- WHAT THE EXERCISE ASKS -
Write the records below out again word for word, with the pictures removed.

*** MATERIAL FOR THIS TASK ***

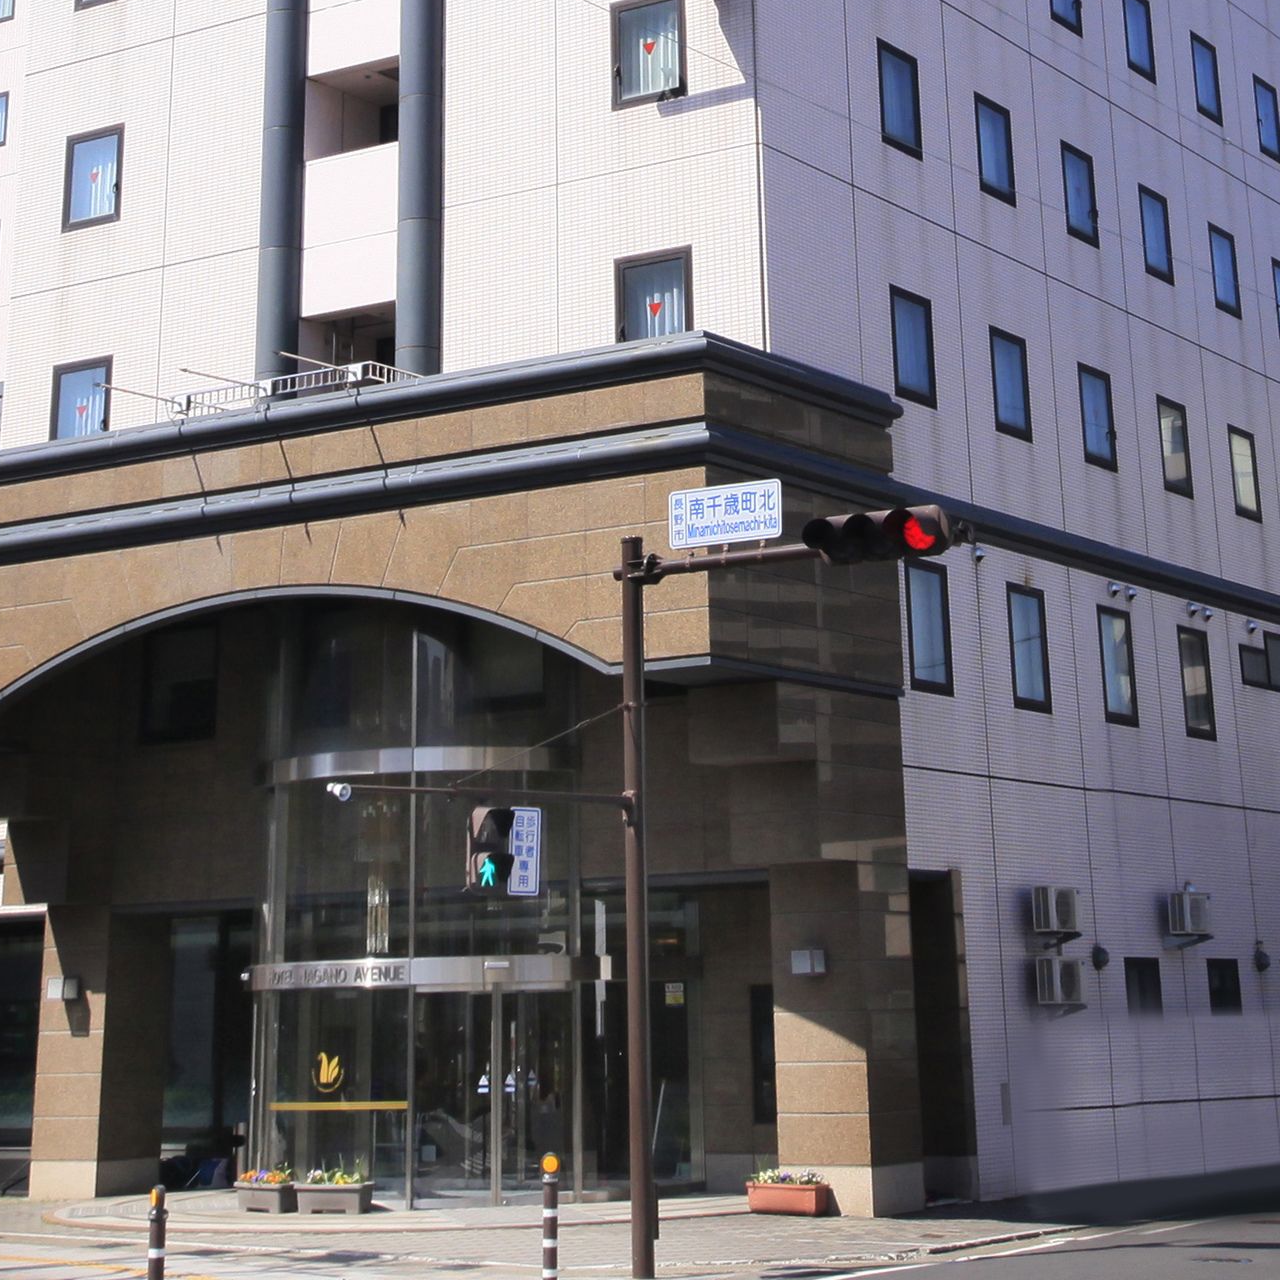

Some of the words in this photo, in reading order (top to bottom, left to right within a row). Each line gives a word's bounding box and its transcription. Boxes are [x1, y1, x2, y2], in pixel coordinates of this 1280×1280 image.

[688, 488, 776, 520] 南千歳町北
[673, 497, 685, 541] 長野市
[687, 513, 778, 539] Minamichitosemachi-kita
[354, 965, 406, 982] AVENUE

***

- TASK ANSWER -
Some of the words in this photo, in reading order (top to bottom, left to right within a row). Each line gives a word's bounding box and its transcription. Boxes are [x1, y1, x2, y2], in pixel coordinates of this 1280×1280 image.

[688, 488, 776, 520] 南千歳町北
[673, 497, 685, 541] 長野市
[687, 513, 778, 539] Minamichitosemachi-kita
[354, 965, 406, 982] AVENUE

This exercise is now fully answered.